Washington County Republicans could celebrate vote totals in Washington County in the presidential race, but in 2013, as in 2009, there is less than a full slate of GOP countywide candidates.

In the last election cycle, Republican presidential hopeful Mitt Romney outpolled President Barack Obama, a Democrat, by 11,952 votes and a margin of 13 percent. When Sen. John McCain in 2008 won Washington County by 4,467 votes over Obama, he was the first Republican to do so since Richard Nixon’s 1972 landslide over Democrat George McGovern.

In the 2010 U.S. Senate election, the majority of Greene County voters chose Democrat Joe Sestak over Republican Pat Toomey, who carried Washington County and, in the end, Pennsylvania. By 2012, both counties were in Republican Tom Smith’s column, although incumbent Republican Bob Casey Jr. prevailed statewide.

A statewide website shows Washington County with 75,850 Democrats, 48,575 Republicans and 14,939 independents and others as of May 13. Greene County has 13,845 Democrats and 6,444 Republicans.

Over the winter, the Republican Party actively recruited candidates at municipal, school district and county levels, but there is just one registered Republican in the Washington County judicial race where two are to be elected, and only one candidate filed for the three row offices on the ballot this year.

The three row offices are held by incumbent Democrats. GOP challenger Angela Carrier filed nominating petitions as a candidate for controller. Michael Namie is seeking his fourth four-year term. Namie four years ago captured both the Republican and Democratic nominations, besting a write-in GOP candidate.
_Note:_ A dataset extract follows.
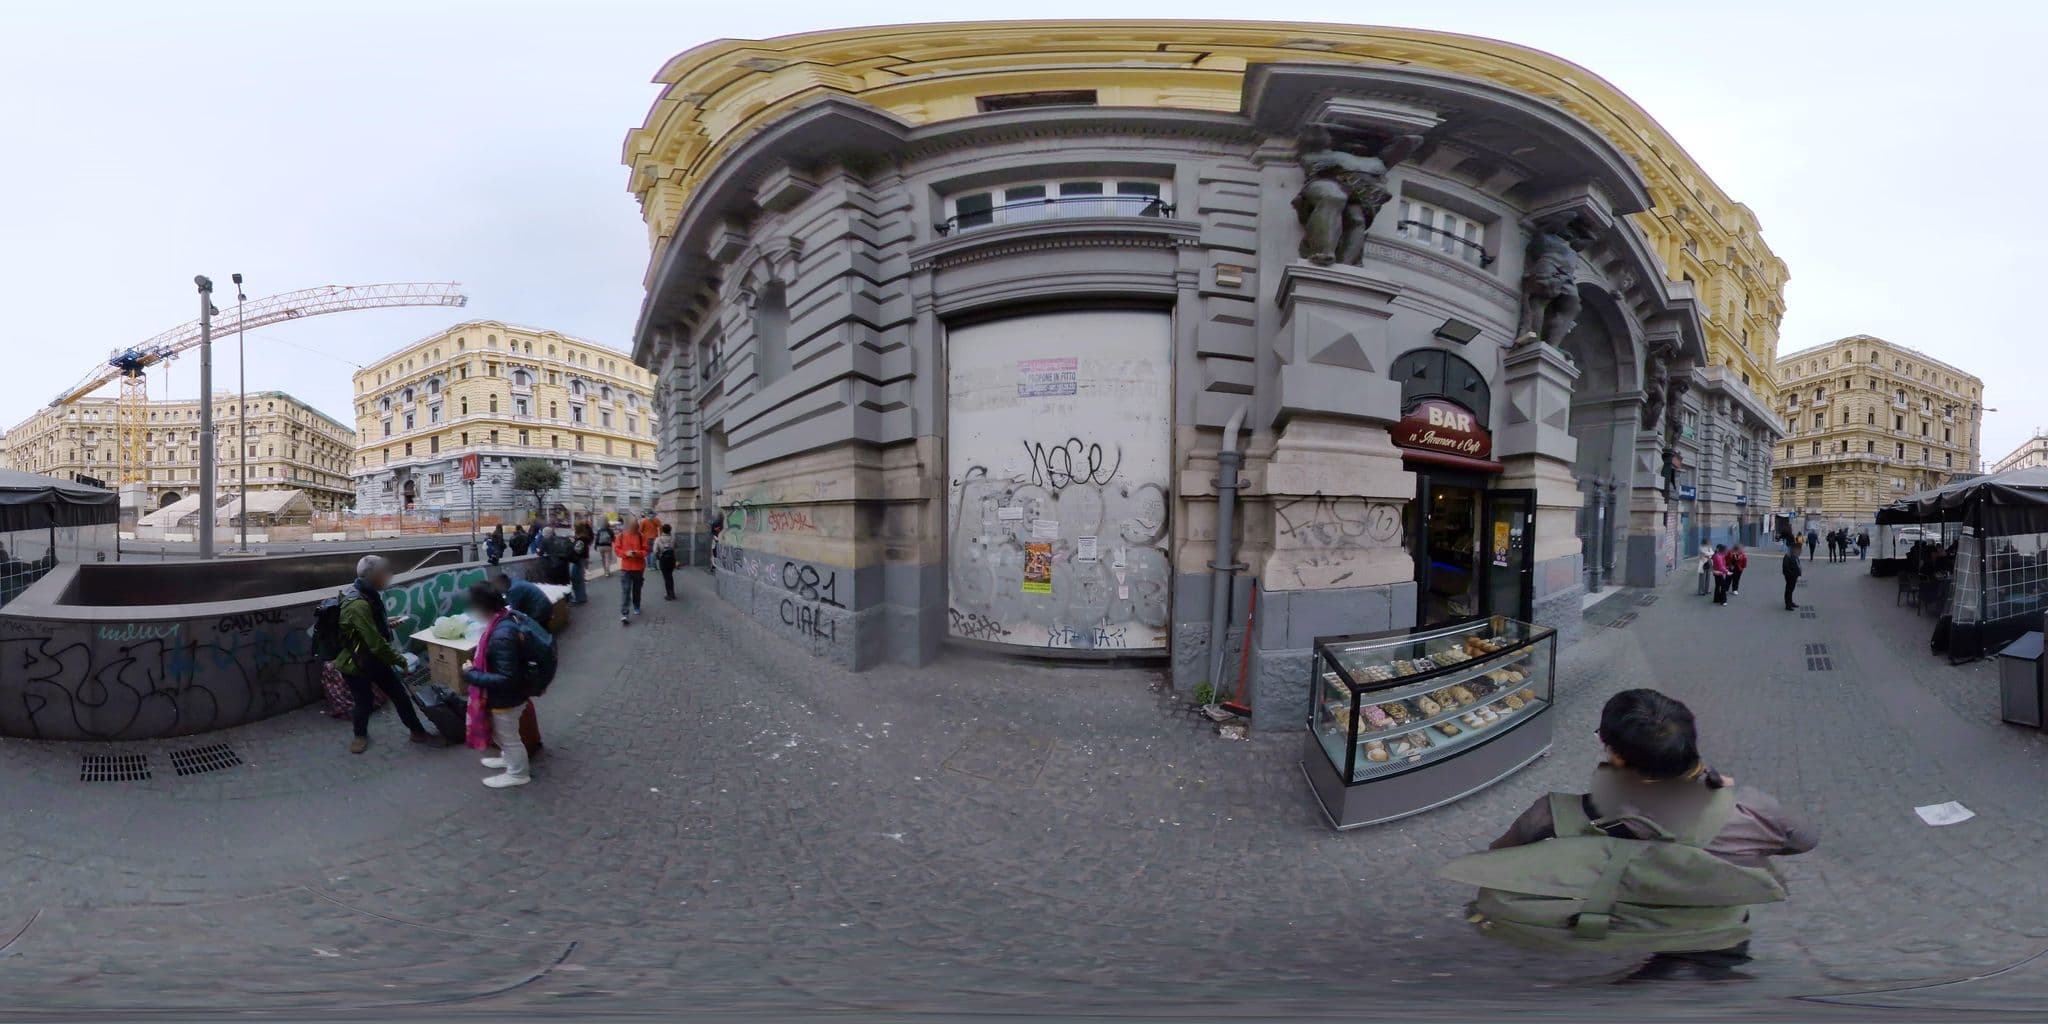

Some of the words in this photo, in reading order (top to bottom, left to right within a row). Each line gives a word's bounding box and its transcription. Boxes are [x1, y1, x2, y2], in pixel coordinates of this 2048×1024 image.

[1429, 406, 1471, 432] BAR
[464, 459, 476, 474] M
[782, 561, 846, 609] 081
No Republican filed for the recorder of deeds office where Debbie Bardella is seeking a fifth four-year term, but there is believed to be a write-candidacy afoot. Bardella said she will not be making a try to garner both nominations.

“It wasn’t necessarily perfect timing for her,” Washington County GOP Chairman William Merrell said of the unannounced candidate. “She decided a little bit after the petition signing. People have to make those decisions on their own time.”
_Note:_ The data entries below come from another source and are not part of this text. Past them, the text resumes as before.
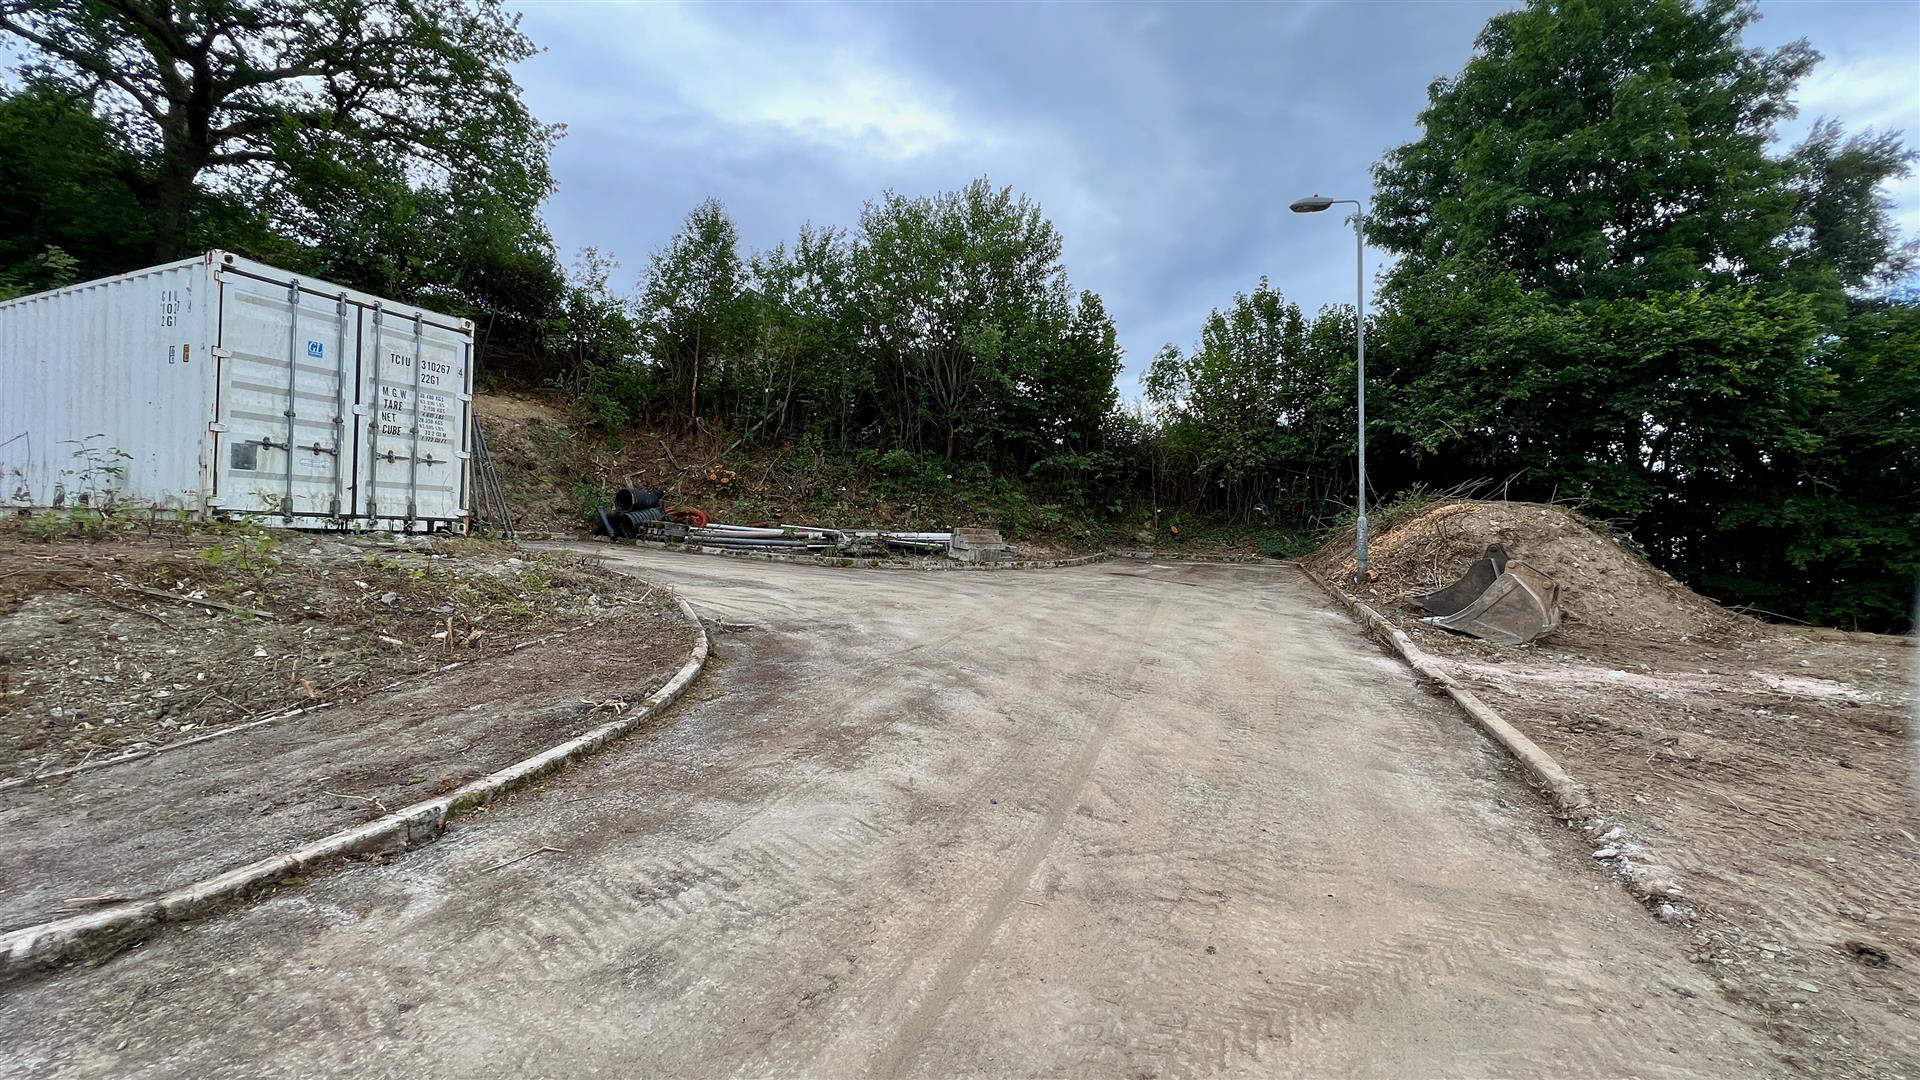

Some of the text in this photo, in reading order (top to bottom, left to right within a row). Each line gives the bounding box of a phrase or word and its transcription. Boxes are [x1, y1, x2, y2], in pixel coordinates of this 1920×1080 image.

[390, 353, 411, 367] TCIU
[421, 360, 451, 375] 310267
[421, 374, 440, 386] 22G1
[383, 399, 403, 411] TARE
[381, 411, 396, 423] NET
[382, 424, 402, 436] CUBE
Republicans expressed interest in running for sheriff against Samuel Romano, who is seeking a third four-year term, but Merrell said, “We had some people come to us about the sheriff’s position, but we suggested they needed more experience in management as well as police work. I appreciate all policemen, both full time and part time, but one needs years of experience to run an operation as large and meaningful as the sheriff’s department is.”

There are just two countywide offices on the primary ballot in Greene County – sheriff and coroner.

The incumbent sheriff, Richard Ketchem, chose not to seek another term, a decision that brought out three Democratic candidates to run for the seat. The candiates are Bryan Tennant, Erik Ketchem and William Lewis Jr. Greene County GOP Chairman Jim Minor, when asked why no Republican sought to run in the sheriff’s primary, said, “No one filed any nominating petitions.”

No Republican opted to challenge Gregory Rohanna, the Democratic coroner, either.

Of the eight candidates trying for two Washington County judgeships, just one, Lane Turturice, is a registered Republican and he, as recently as 2010, was a Democrat.

Merrell does not view this as a hindrance, noting that he himself was a Democrat up until 10 years ago.

“I was very liberal in my younger years. If John F. Kennedy were here today, he would be a Republican,” the GOP chairman said.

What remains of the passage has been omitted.